Big ideas – where do they come from?
How can we generate them?
How can develop impactful ideas – the ones that translate in winning products and services?
How can we do that persistently, repeatedly…even predictably…
In our view, historically looking at dozens, even hundreds of cases, one thing dominates – context. We’ve written on it before but not the nitty gritty, the how. If you’re always in the pursuit of context, you’ll almost certainly persistently develop great ideas that translate into winning products and services.
Here’s the brief foundation for how we approach finding high impact ideas…
Context
As we said the last time…
“Context. The big picture. For most product developers, designers, and innovators in general the context concept seems often lost. (Instead) people want to believe. They want the idea to do well.

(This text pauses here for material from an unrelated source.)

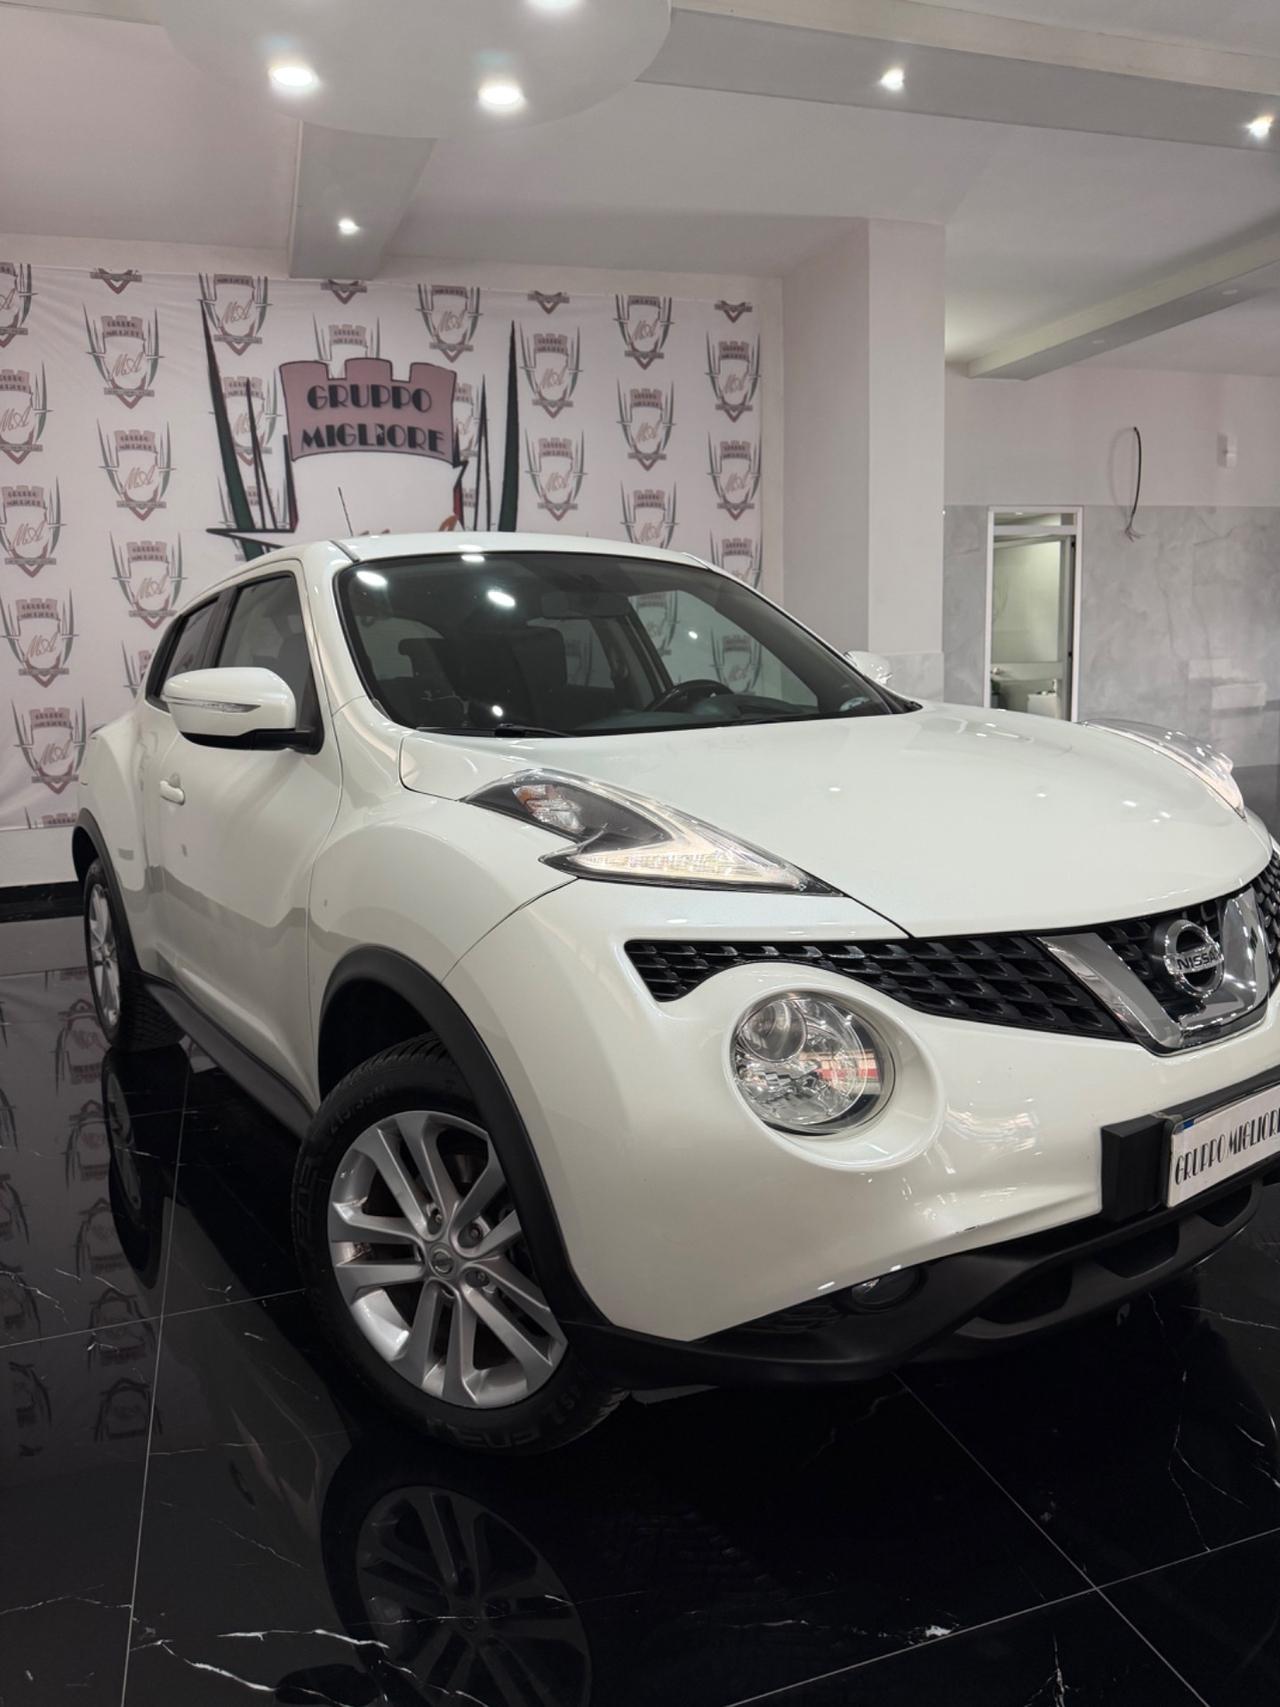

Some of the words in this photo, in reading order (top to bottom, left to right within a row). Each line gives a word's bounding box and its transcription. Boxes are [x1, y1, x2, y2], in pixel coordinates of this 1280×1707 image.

[307, 384, 432, 413] GRUPPO
[301, 422, 446, 456] MIGLIORE
[1175, 1134, 1226, 1185] GRUPPO

Problem is, companies are not in the business of ideas. They are in the business of making money by delivering a product or service that adds value under some particular, hopefully unique, competitive advantage. Ideas are none of those things, especially without context. Context allows you to position the idea, value the idea and truly understand if the idea has merit. Leave out honest, big context and you will fail and rather persistently at that.”
Principles – The Bedrock
Generating impactful, actionable big ideas stands upon some bedrock principles. The best and first principle is having an open, aggressively innovative culture. If you don’t start there, we’ll, it’s not likely you’ll do well with big ideas. Why? Because it’s an entire organization that properly incented that can gain those insights from data and noted trends from a myriad of areas, places, groups and actions. Far too many make these C-level activities, leadership limited. The result? Huge missed opportunities for contexted insight replaced with all too often far too focused rose colored glasses seeing a world often already extinct to competitors but not to your leadership.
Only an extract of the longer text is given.